■ DATA UNDER STUDY ■

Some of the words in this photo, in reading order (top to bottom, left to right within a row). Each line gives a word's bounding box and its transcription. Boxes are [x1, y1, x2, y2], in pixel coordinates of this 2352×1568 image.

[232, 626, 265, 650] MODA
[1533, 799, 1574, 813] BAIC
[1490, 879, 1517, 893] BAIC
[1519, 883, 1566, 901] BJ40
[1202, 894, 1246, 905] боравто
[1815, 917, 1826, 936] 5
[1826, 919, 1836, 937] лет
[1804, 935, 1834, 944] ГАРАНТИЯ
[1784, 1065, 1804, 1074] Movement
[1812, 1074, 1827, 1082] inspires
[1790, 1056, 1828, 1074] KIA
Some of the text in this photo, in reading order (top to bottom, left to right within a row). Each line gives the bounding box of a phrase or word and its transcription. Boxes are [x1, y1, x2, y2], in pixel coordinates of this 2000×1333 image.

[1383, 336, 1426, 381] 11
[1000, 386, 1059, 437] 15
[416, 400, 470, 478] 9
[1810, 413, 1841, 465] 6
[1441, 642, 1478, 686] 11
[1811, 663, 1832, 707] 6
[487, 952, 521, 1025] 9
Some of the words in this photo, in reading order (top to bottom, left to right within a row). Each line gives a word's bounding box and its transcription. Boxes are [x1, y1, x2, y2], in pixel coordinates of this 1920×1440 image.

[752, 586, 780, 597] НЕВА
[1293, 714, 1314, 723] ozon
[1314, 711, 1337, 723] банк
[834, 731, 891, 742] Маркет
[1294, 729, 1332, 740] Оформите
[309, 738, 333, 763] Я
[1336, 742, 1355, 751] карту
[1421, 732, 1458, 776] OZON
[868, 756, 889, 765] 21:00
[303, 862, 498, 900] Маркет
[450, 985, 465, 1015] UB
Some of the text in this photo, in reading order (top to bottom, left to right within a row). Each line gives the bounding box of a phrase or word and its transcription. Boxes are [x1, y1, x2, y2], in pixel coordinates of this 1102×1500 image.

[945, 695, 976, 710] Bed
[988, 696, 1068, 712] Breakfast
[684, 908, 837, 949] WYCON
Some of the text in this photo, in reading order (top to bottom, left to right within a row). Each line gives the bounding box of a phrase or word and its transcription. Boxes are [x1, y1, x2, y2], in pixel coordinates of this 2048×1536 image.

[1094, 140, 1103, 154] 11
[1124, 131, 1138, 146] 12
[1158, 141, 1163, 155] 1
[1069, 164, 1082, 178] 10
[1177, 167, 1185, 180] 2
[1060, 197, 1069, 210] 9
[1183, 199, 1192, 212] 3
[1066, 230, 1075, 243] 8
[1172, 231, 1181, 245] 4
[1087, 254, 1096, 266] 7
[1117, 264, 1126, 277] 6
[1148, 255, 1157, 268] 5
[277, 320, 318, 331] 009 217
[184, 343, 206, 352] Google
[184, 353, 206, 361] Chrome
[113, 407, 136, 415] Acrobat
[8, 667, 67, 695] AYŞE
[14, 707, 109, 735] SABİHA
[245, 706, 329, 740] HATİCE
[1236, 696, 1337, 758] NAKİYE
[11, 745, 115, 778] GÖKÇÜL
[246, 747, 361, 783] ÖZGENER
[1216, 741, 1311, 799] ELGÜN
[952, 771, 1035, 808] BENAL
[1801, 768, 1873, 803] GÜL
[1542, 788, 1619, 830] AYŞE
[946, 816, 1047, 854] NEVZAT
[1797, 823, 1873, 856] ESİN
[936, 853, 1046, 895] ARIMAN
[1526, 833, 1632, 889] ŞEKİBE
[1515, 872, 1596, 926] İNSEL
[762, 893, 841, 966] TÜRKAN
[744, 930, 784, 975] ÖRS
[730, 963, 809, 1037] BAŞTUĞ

■ EXERCISE ■
Put down each entry again, unchanged and complete.

■ YOUR SOLUTION ■
Some of the words in this photo, in reading order (top to bottom, left to right within a row). Each line gives a word's bounding box and its transcription. Boxes are [x1, y1, x2, y2], in pixel coordinates of this 2352×1568 image.

[232, 626, 265, 650] MODA
[1533, 799, 1574, 813] BAIC
[1490, 879, 1517, 893] BAIC
[1519, 883, 1566, 901] BJ40
[1202, 894, 1246, 905] боравто
[1815, 917, 1826, 936] 5
[1826, 919, 1836, 937] лет
[1804, 935, 1834, 944] ГАРАНТИЯ
[1784, 1065, 1804, 1074] Movement
[1812, 1074, 1827, 1082] inspires
[1790, 1056, 1828, 1074] KIA
Some of the text in this photo, in reading order (top to bottom, left to right within a row). Each line gives the bounding box of a phrase or word and its transcription. Boxes are [x1, y1, x2, y2], in pixel coordinates of this 2000×1333 image.

[1383, 336, 1426, 381] 11
[1000, 386, 1059, 437] 15
[416, 400, 470, 478] 9
[1810, 413, 1841, 465] 6
[1441, 642, 1478, 686] 11
[1811, 663, 1832, 707] 6
[487, 952, 521, 1025] 9
Some of the words in this photo, in reading order (top to bottom, left to right within a row). Each line gives a word's bounding box and its transcription. Boxes are [x1, y1, x2, y2], in pixel coordinates of this 1920×1440 image.

[752, 586, 780, 597] НЕВА
[1293, 714, 1314, 723] ozon
[1314, 711, 1337, 723] банк
[834, 731, 891, 742] Маркет
[1294, 729, 1332, 740] Оформите
[309, 738, 333, 763] Я
[1336, 742, 1355, 751] карту
[1421, 732, 1458, 776] OZON
[868, 756, 889, 765] 21:00
[303, 862, 498, 900] Маркет
[450, 985, 465, 1015] UB
Some of the text in this photo, in reading order (top to bottom, left to right within a row). Each line gives the bounding box of a phrase or word and its transcription. Boxes are [x1, y1, x2, y2], in pixel coordinates of this 1102×1500 image.

[945, 695, 976, 710] Bed
[988, 696, 1068, 712] Breakfast
[684, 908, 837, 949] WYCON
Some of the text in this photo, in reading order (top to bottom, left to right within a row). Each line gives the bounding box of a phrase or word and its transcription. Boxes are [x1, y1, x2, y2], in pixel coordinates of this 2048×1536 image.

[1094, 140, 1103, 154] 11
[1124, 131, 1138, 146] 12
[1158, 141, 1163, 155] 1
[1069, 164, 1082, 178] 10
[1177, 167, 1185, 180] 2
[1060, 197, 1069, 210] 9
[1183, 199, 1192, 212] 3
[1066, 230, 1075, 243] 8
[1172, 231, 1181, 245] 4
[1087, 254, 1096, 266] 7
[1117, 264, 1126, 277] 6
[1148, 255, 1157, 268] 5
[277, 320, 318, 331] 009 217
[184, 343, 206, 352] Google
[184, 353, 206, 361] Chrome
[113, 407, 136, 415] Acrobat
[8, 667, 67, 695] AYŞE
[14, 707, 109, 735] SABİHA
[245, 706, 329, 740] HATİCE
[1236, 696, 1337, 758] NAKİYE
[11, 745, 115, 778] GÖKÇÜL
[246, 747, 361, 783] ÖZGENER
[1216, 741, 1311, 799] ELGÜN
[952, 771, 1035, 808] BENAL
[1801, 768, 1873, 803] GÜL
[1542, 788, 1619, 830] AYŞE
[946, 816, 1047, 854] NEVZAT
[1797, 823, 1873, 856] ESİN
[936, 853, 1046, 895] ARIMAN
[1526, 833, 1632, 889] ŞEKİBE
[1515, 872, 1596, 926] İNSEL
[762, 893, 841, 966] TÜRKAN
[744, 930, 784, 975] ÖRS
[730, 963, 809, 1037] BAŞTUĞ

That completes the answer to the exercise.